**About this exercise:** From the line containing "this 1751×1751 image." to the final line of the entries, every line is to be reproduced exactly; no other line belongs in the output.

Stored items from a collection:
====

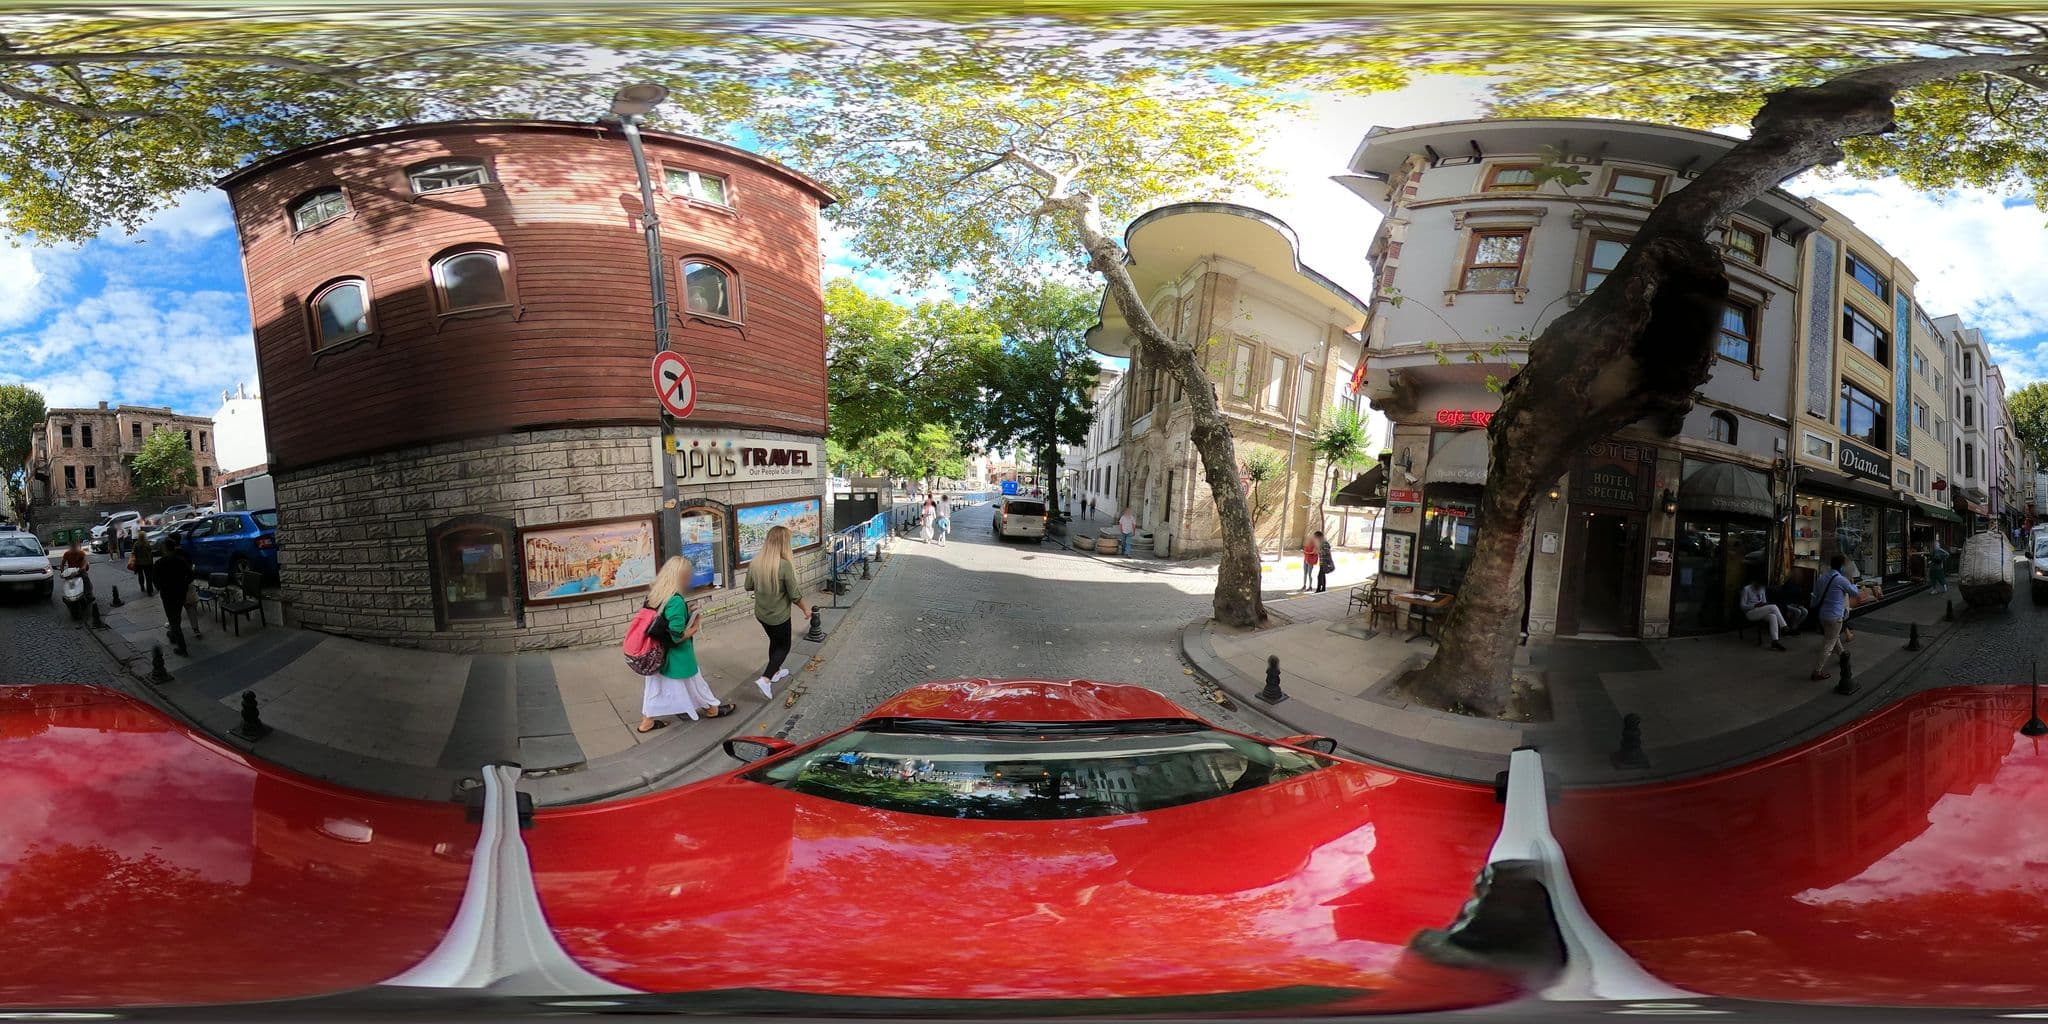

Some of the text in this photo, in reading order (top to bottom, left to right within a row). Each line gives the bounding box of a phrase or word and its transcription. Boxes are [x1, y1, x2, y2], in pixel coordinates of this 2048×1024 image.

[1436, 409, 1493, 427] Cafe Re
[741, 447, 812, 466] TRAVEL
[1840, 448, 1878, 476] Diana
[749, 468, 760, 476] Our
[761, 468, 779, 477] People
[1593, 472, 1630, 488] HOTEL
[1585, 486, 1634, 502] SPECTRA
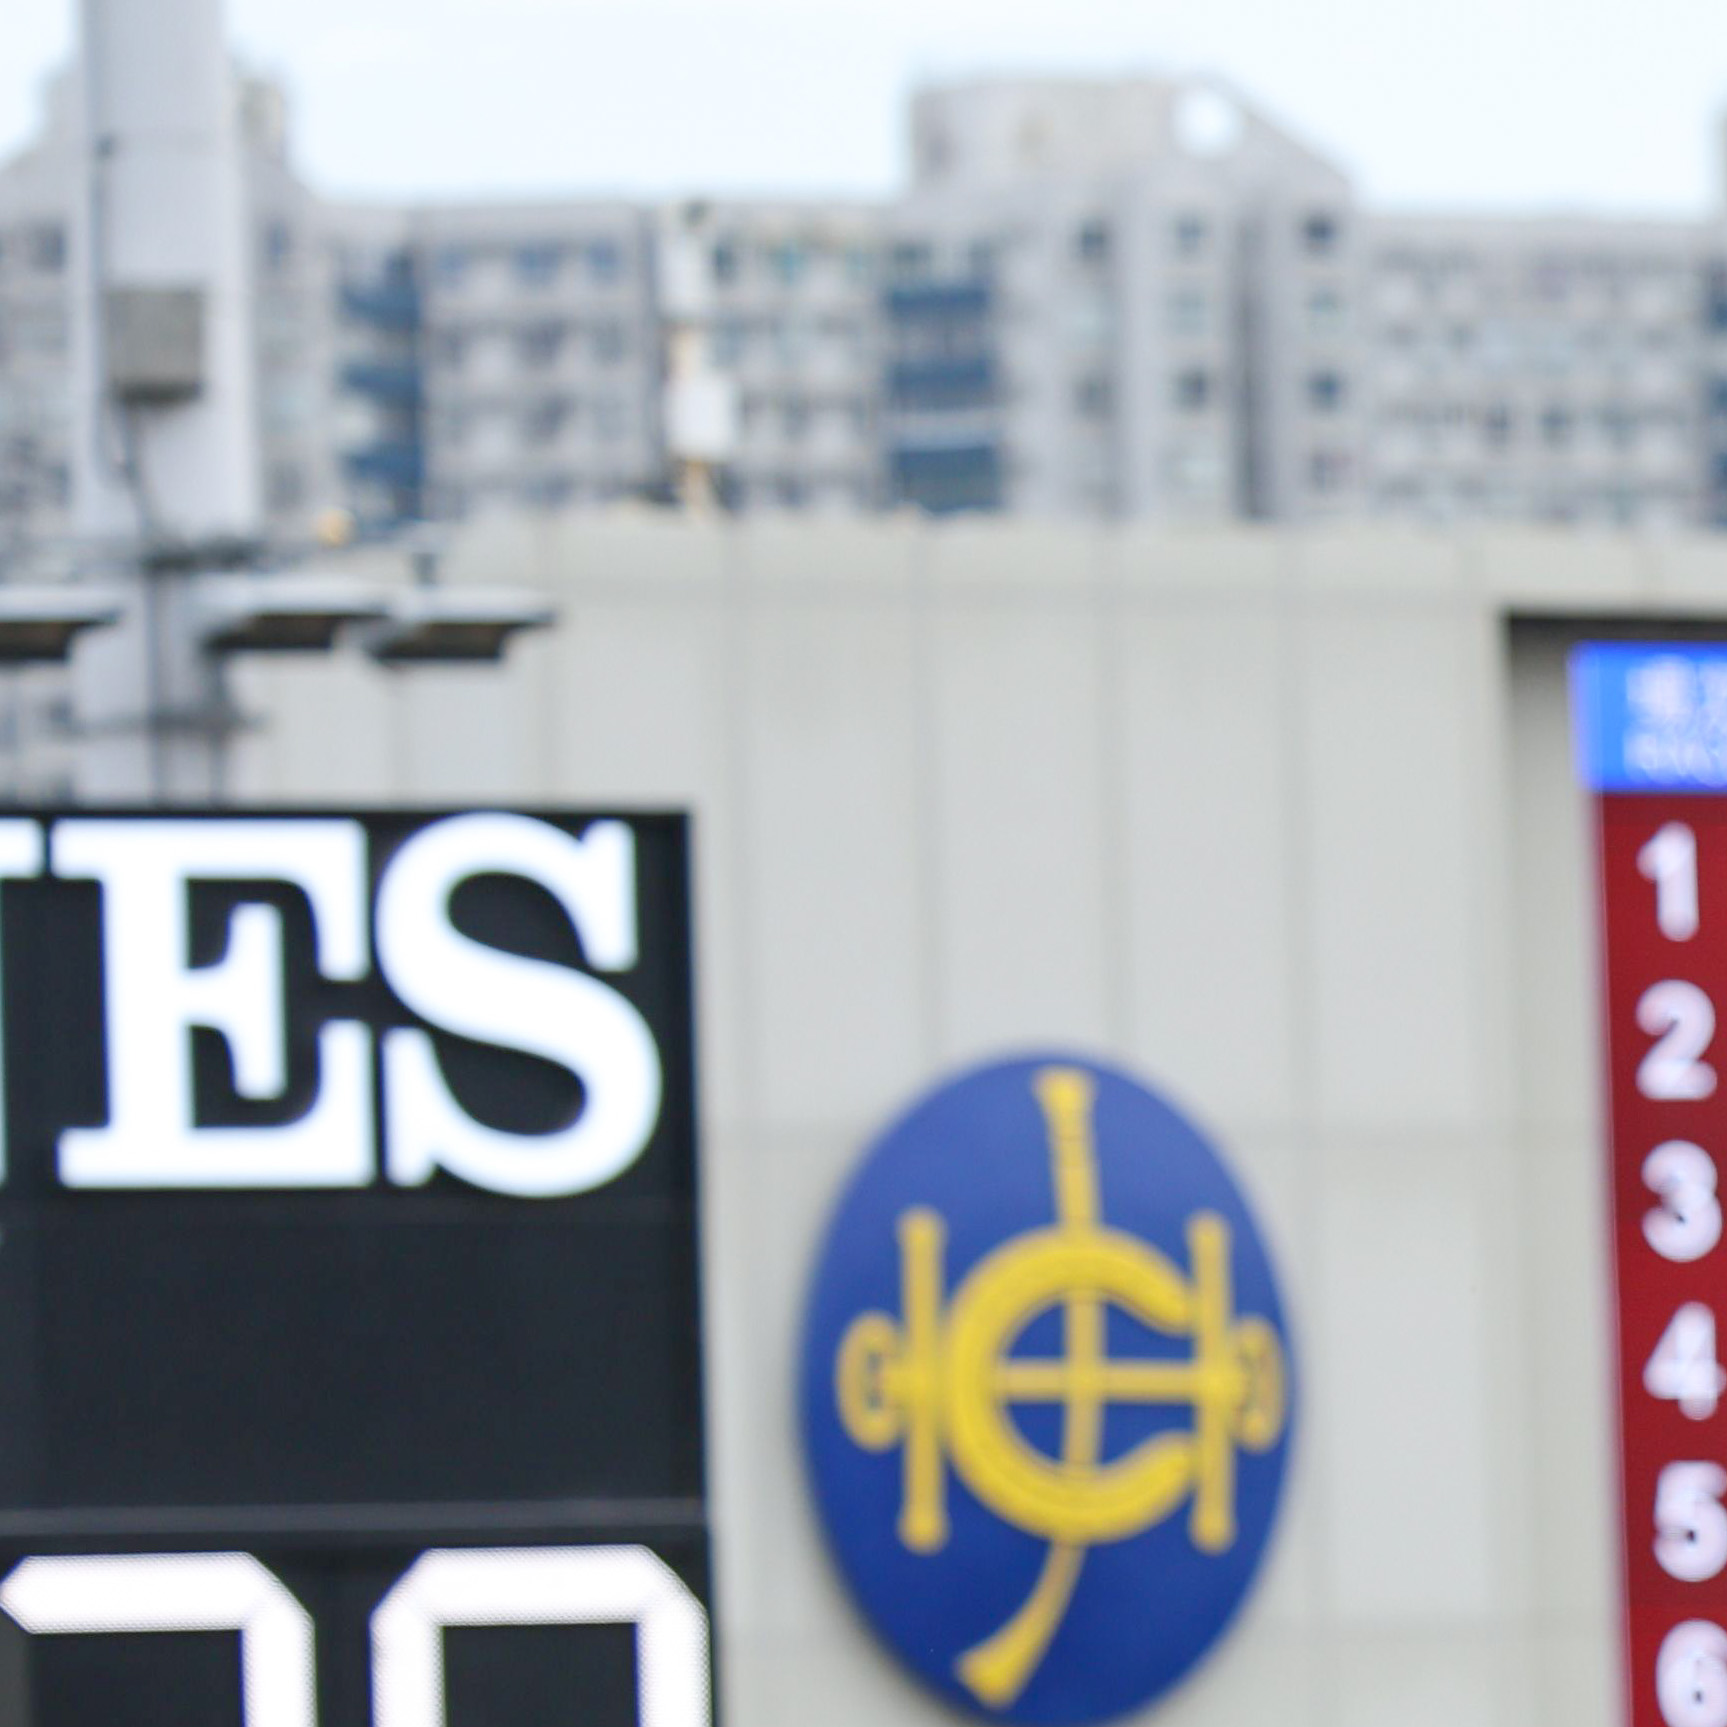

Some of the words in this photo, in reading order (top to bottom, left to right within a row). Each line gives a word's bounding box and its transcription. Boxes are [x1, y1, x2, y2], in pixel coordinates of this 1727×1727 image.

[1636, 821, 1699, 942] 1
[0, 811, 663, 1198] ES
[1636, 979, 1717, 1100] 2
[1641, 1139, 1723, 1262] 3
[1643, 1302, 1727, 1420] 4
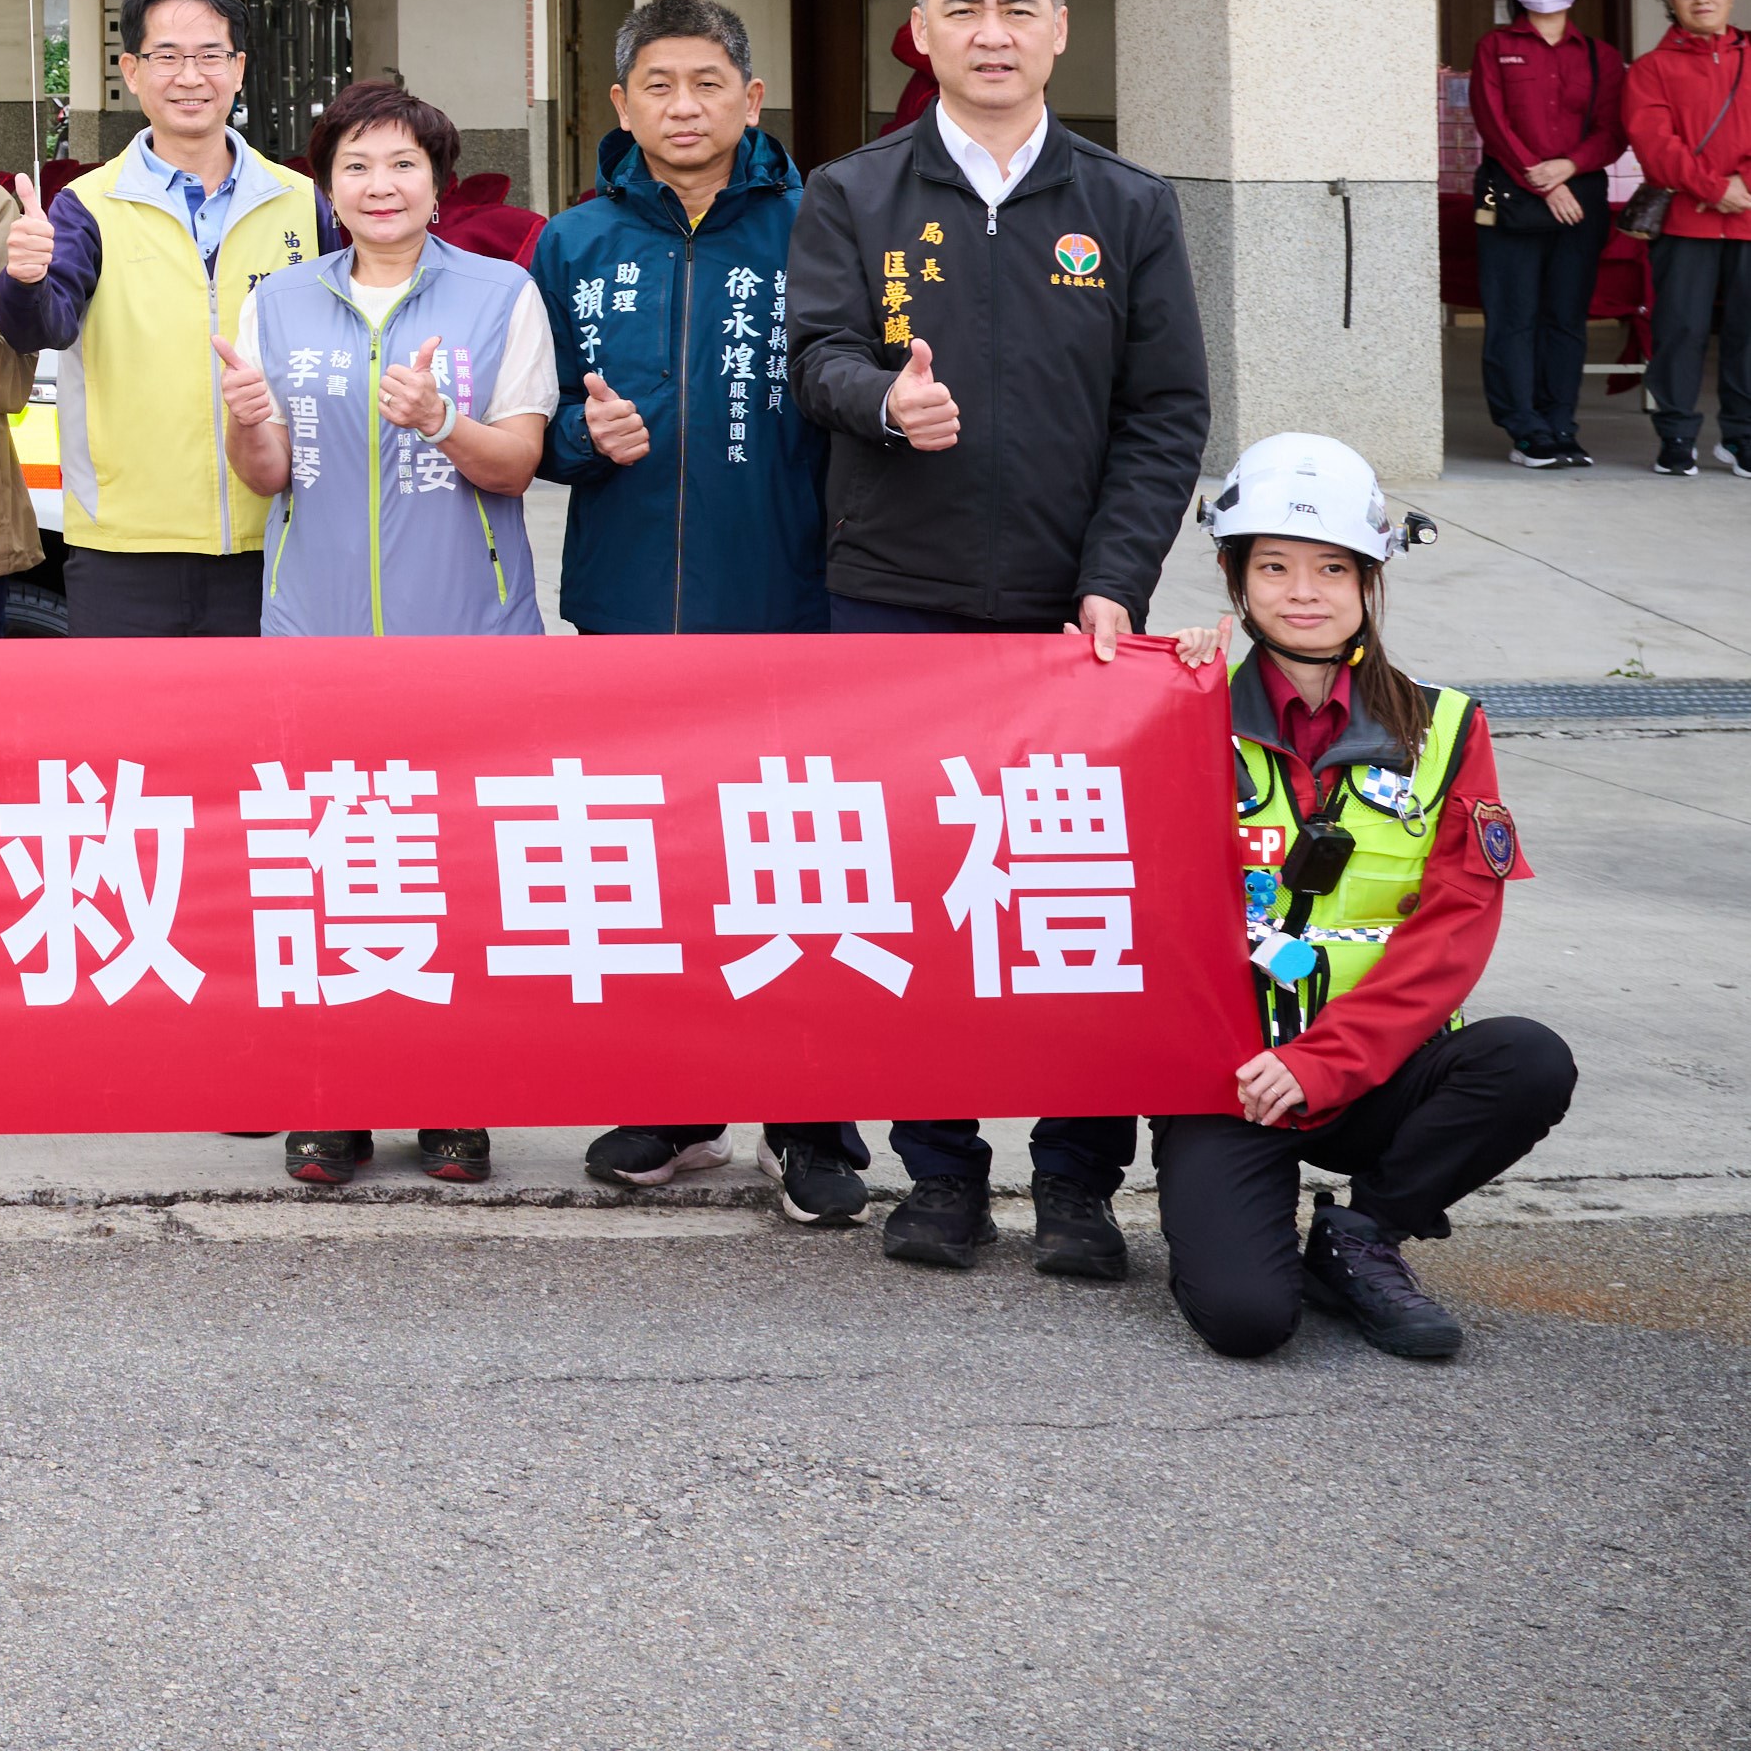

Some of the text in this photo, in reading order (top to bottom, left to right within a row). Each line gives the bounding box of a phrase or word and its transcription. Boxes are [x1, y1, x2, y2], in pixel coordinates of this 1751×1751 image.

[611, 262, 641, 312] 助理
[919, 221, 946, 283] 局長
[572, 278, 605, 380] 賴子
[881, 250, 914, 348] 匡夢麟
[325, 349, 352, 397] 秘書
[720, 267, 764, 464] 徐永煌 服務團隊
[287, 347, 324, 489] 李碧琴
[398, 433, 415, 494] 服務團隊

====

**Answer:**
Some of the text in this photo, in reading order (top to bottom, left to right within a row). Each line gives the bounding box of a phrase or word and its transcription. Boxes are [x1, y1, x2, y2], in pixel coordinates of this 1751×1751 image.

[611, 262, 641, 312] 助理
[919, 221, 946, 283] 局長
[572, 278, 605, 380] 賴子
[881, 250, 914, 348] 匡夢麟
[325, 349, 352, 397] 秘書
[720, 267, 764, 464] 徐永煌 服務團隊
[287, 347, 324, 489] 李碧琴
[398, 433, 415, 494] 服務團隊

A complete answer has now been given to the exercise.